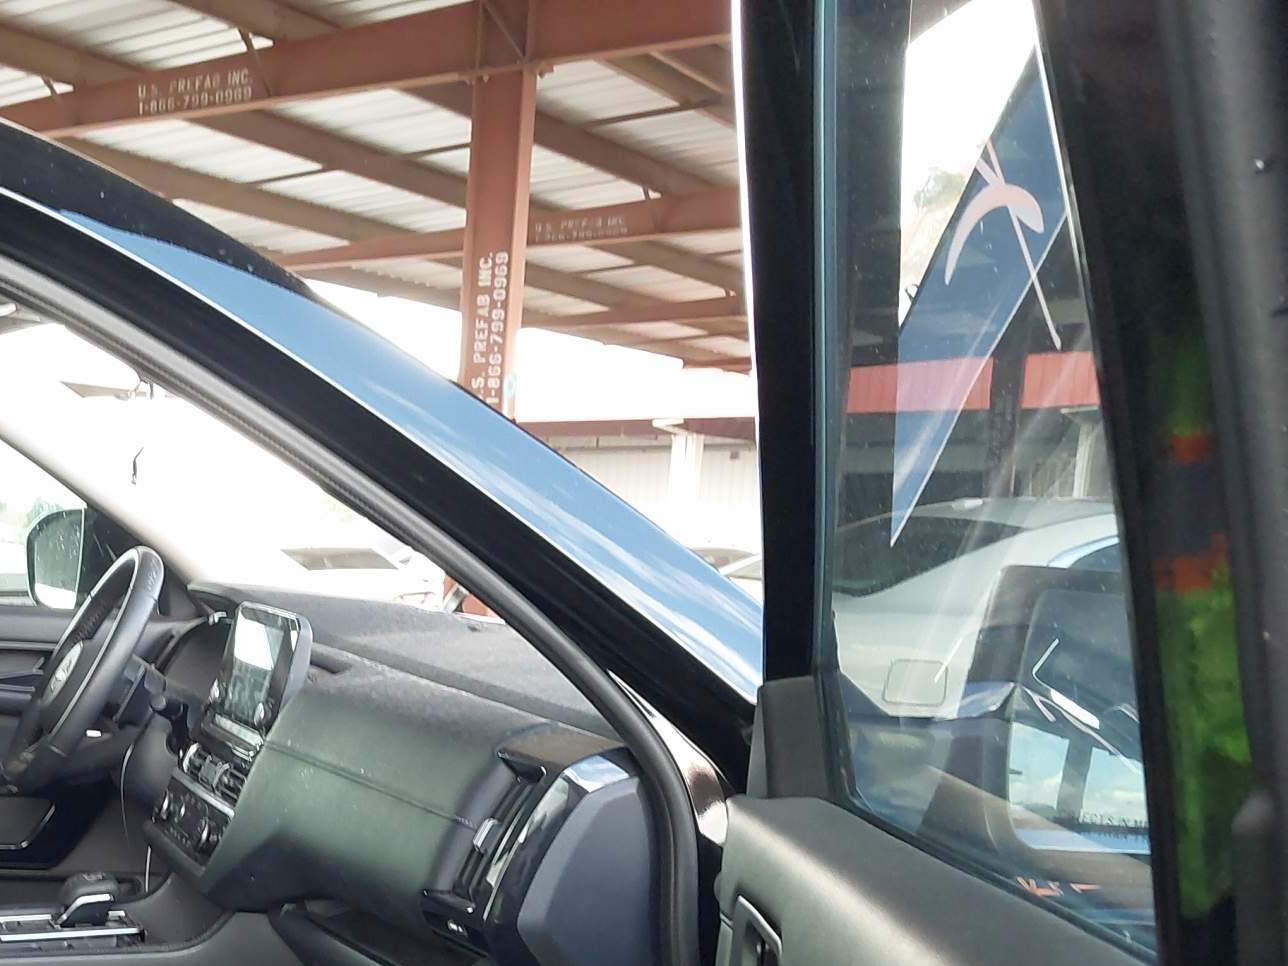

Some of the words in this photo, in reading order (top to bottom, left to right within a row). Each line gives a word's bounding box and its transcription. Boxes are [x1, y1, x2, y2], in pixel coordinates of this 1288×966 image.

[478, 252, 493, 287] INC.
[473, 294, 490, 364] PREFAB
[486, 251, 509, 404] 1-866-799-0969
[471, 371, 486, 400] .S.

## WHAT TO DO
Where an entry includes a picture, drop it, and print the rest of the material word for word.

## EXERCISE RESULT
Some of the words in this photo, in reading order (top to bottom, left to right within a row). Each line gives a word's bounding box and its transcription. Boxes are [x1, y1, x2, y2], in pixel coordinates of this 1288×966 image.

[478, 252, 493, 287] INC.
[473, 294, 490, 364] PREFAB
[486, 251, 509, 404] 1-866-799-0969
[471, 371, 486, 400] .S.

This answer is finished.